Inteligencia artificial (IA) para la inclusión educativa de estudiantes con discapacidad visual
DOI:
https://doi.org/10.63535/fmbcaq68Keywords:
Inteligencia Artificial, Accesibilidad Educativa, Discapacidad Visual, Inclusión Educativa, Tecnología Asistencial, Formación Docente.Abstract
La inclusión efectiva de estudiantes con discapacidad visual en el sistema educativo enfrenta barreras significativas, como el acceso a materiales visuales y el desarrollo de habilidades adaptadas. Este proyecto explora la aplicación de herramientas de Inteligencia Artificial (IA) para mejorar la accesibilidad y fomentar una participación equitativa en la educación.
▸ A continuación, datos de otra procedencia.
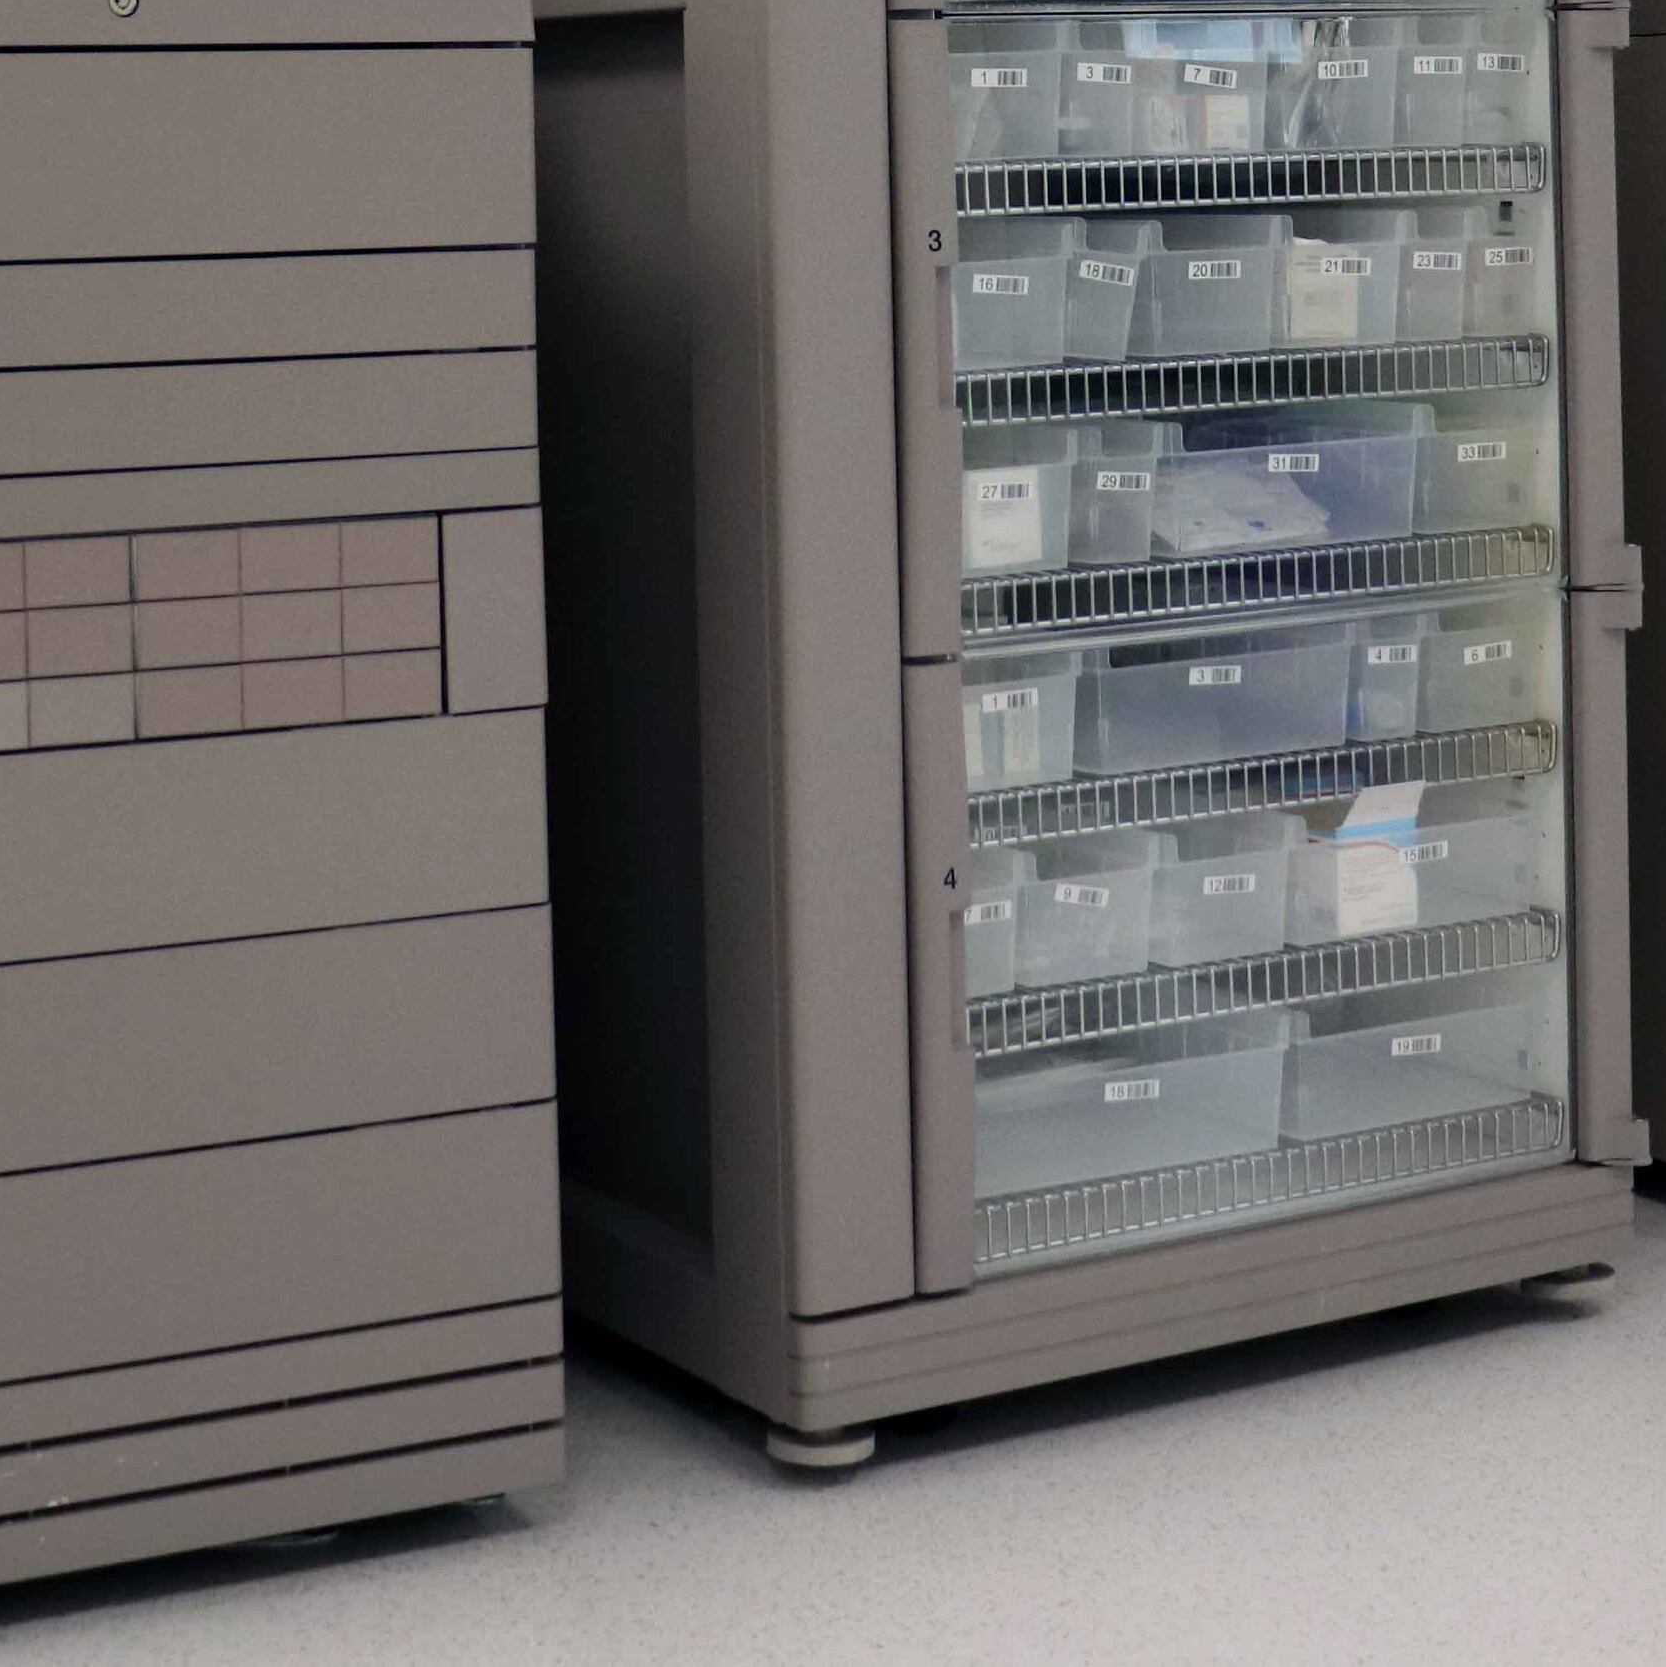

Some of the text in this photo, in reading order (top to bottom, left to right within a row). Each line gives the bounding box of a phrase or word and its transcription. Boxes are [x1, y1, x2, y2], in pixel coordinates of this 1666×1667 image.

Un diagnóstico inicial, basado en encuestas a docentes, reveló una baja familiaridad y uso de tecnologías de apoyo y aplicaciones de IA, a pesar de una alta disposición a participar en iniciativas innovadoras. En respuesta, se seleccionaron y adaptaron herramientas de IA como conversión de texto a voz (TTS), reconocimiento de voz con transcripción automática (ASR) y descripción inteligente de imágenes. Se diseñaron actividades pedagógicas prototipo que integran estas herramientas para facilitar el acceso a información textual y gráfica, promoviendo habilidades como la escucha activa, la expresión oral, el pensamiento crítico y la creatividad. El proyecto también incluye materiales de orientación para educadores y estudiantes sobre la aplicación pedagógica de estas tecnologías. Los resultados preliminares del diseño y la fase diagnóstica indican que la IA tiene un potencial considerable para transformar las prácticas educativas inclusivas, pero resaltan la necesidad de capacitación docente exhaustiva y adaptación contextualizada de las herramientas. Se concluye que es crucial continuar la investigación y el desarrollo de estas soluciones, junto con estrategias de implementación sostenibles y éticamente responsables, para reducir la brecha de accesibilidad educativa.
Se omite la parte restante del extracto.